◆ Dataset content:
"""

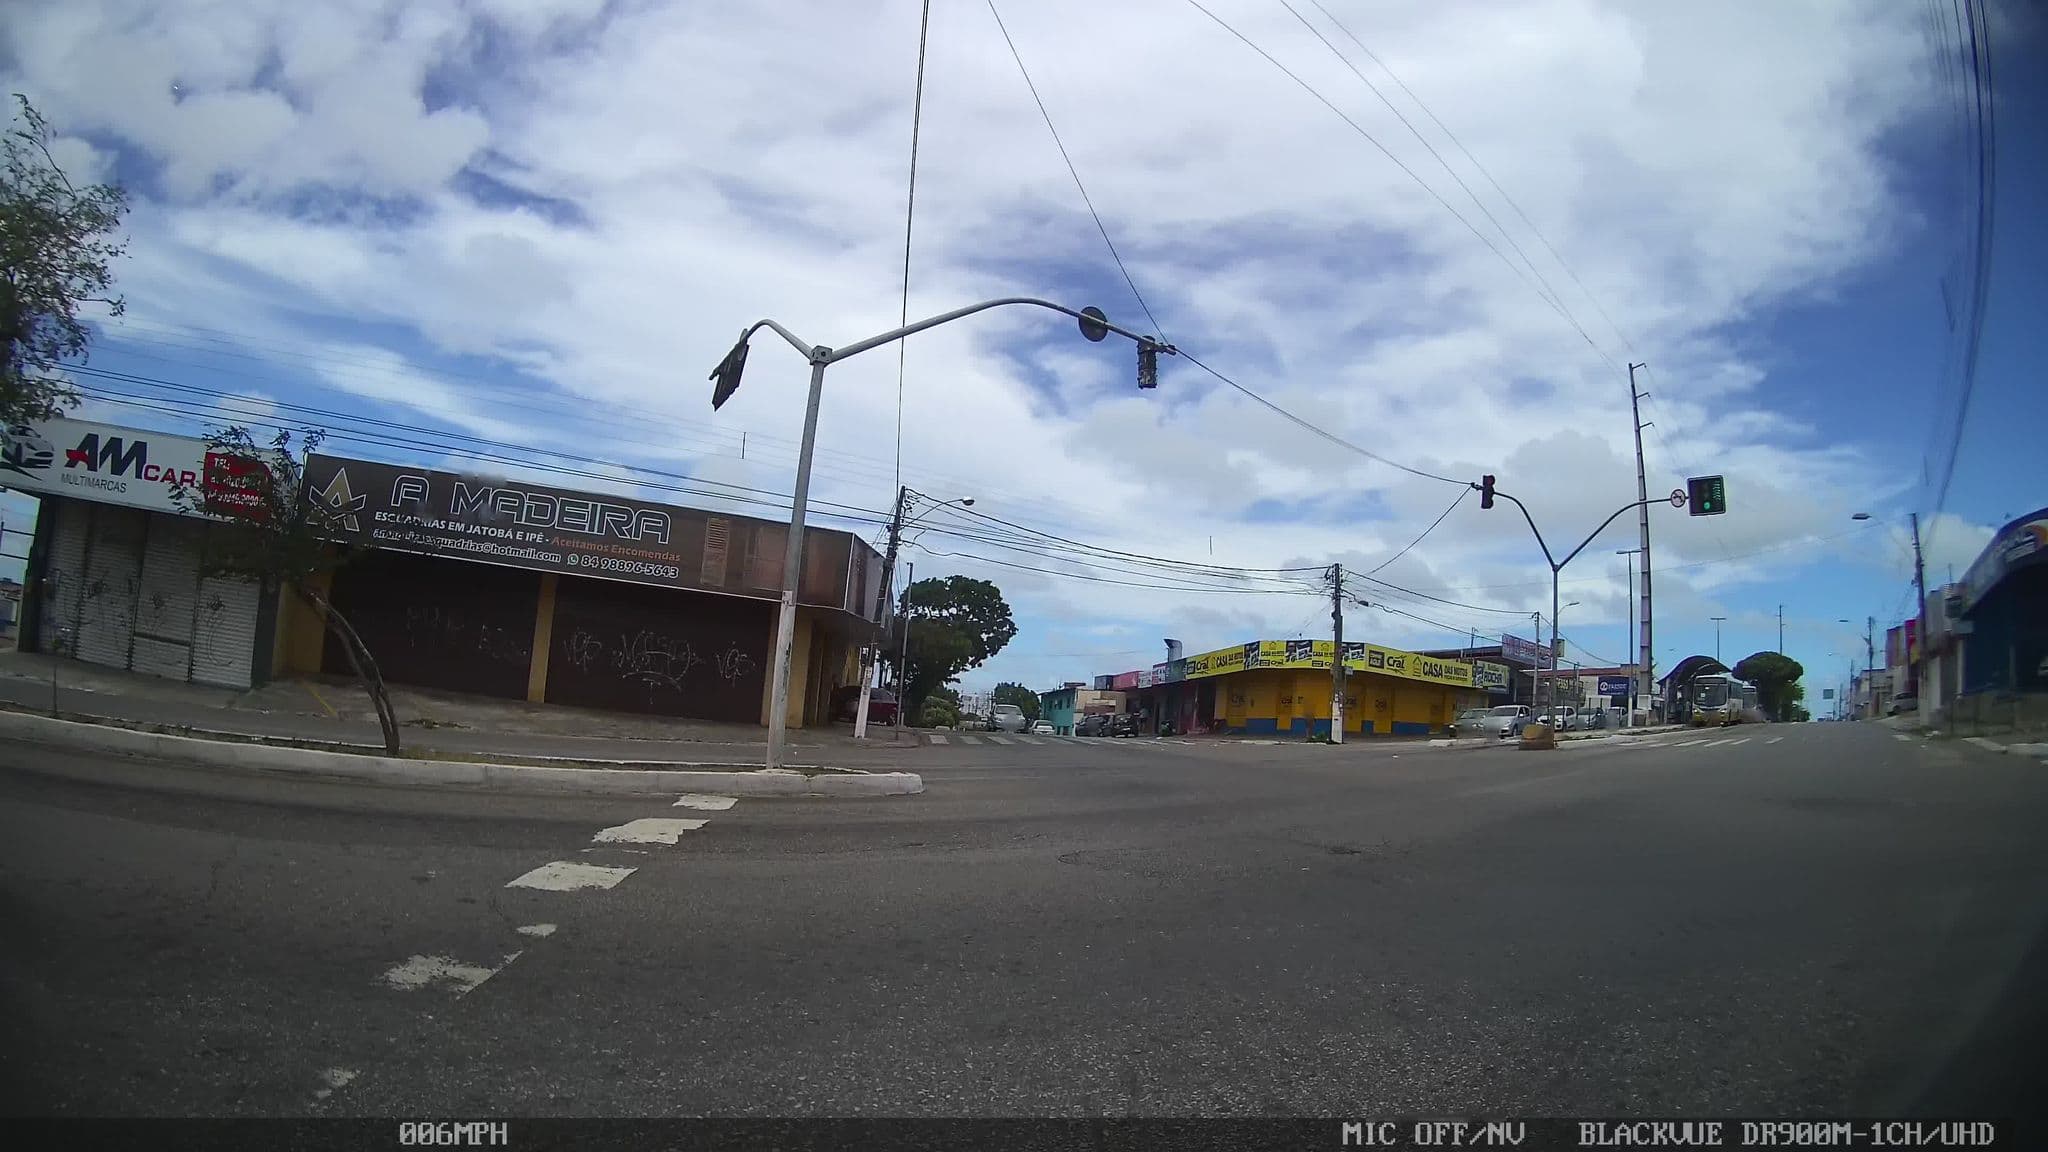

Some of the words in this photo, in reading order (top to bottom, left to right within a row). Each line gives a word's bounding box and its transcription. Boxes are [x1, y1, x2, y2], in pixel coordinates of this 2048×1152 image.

[60, 472, 127, 494] MULTIMARCAS
[391, 475, 430, 507] A
[451, 482, 672, 545] MADEIRA
[448, 521, 465, 533] EM
[467, 524, 513, 540] JATOBÁ
[516, 531, 523, 540] E
[526, 531, 543, 543] IPÊ
[551, 536, 610, 553] Aceitamos
[611, 544, 681, 562] Encomendas
[581, 555, 600, 568] 84
[602, 557, 680, 579] 98896-5643
[1386, 656, 1406, 669] Cral
[1423, 661, 1443, 679] CASA
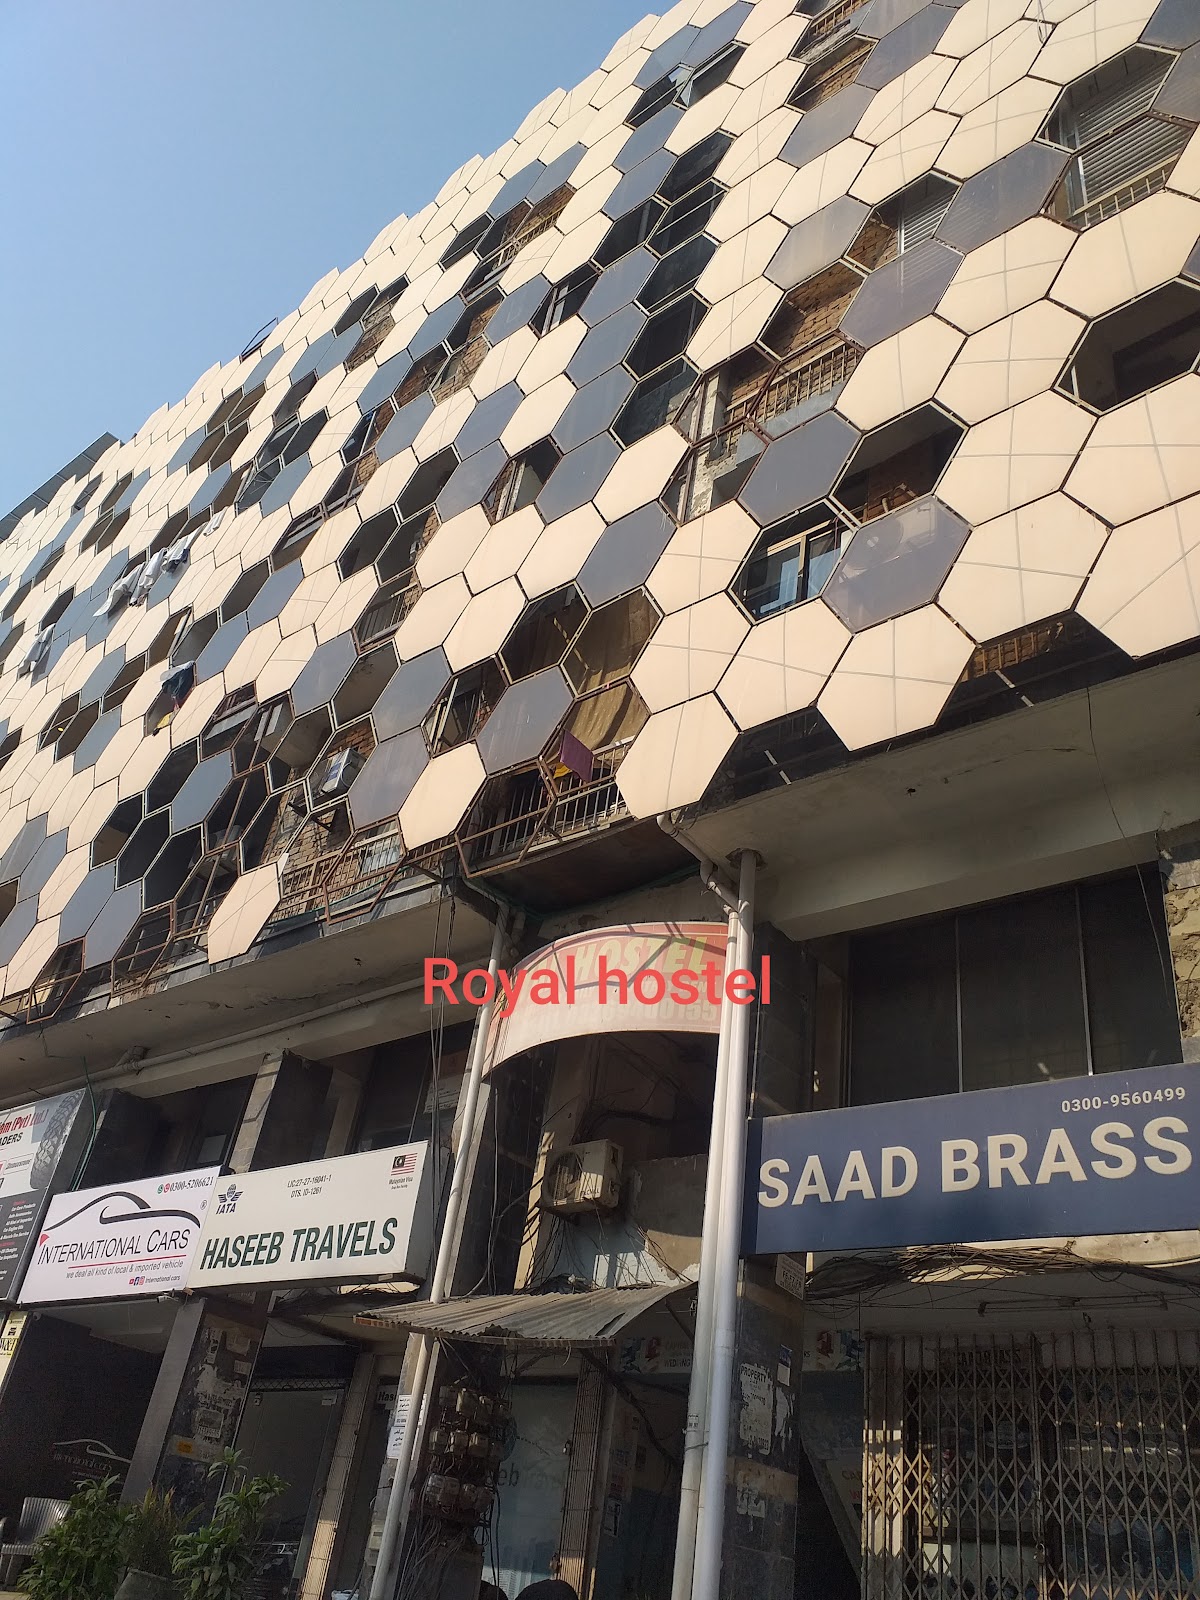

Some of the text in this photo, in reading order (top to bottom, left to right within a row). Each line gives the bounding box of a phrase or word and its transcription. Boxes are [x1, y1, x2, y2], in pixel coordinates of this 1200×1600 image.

"""

◆ Aim of the task:
All of the lines above should be copied exactly, apart from the pictures.

◆ Exercise answer:
Some of the words in this photo, in reading order (top to bottom, left to right within a row). Each line gives a word's bounding box and its transcription. Boxes are [x1, y1, x2, y2], in pixel coordinates of this 2048×1152 image.

[60, 472, 127, 494] MULTIMARCAS
[391, 475, 430, 507] A
[451, 482, 672, 545] MADEIRA
[448, 521, 465, 533] EM
[467, 524, 513, 540] JATOBÁ
[516, 531, 523, 540] E
[526, 531, 543, 543] IPÊ
[551, 536, 610, 553] Aceitamos
[611, 544, 681, 562] Encomendas
[581, 555, 600, 568] 84
[602, 557, 680, 579] 98896-5643
[1386, 656, 1406, 669] Cral
[1423, 661, 1443, 679] CASA

Some of the text in this photo, in reading order (top to bottom, left to right within a row). Each line gives the bounding box of a phrase or word and its transcription. Boxes are [x1, y1, x2, y2], in pixel coordinates of this 1200×1600 image.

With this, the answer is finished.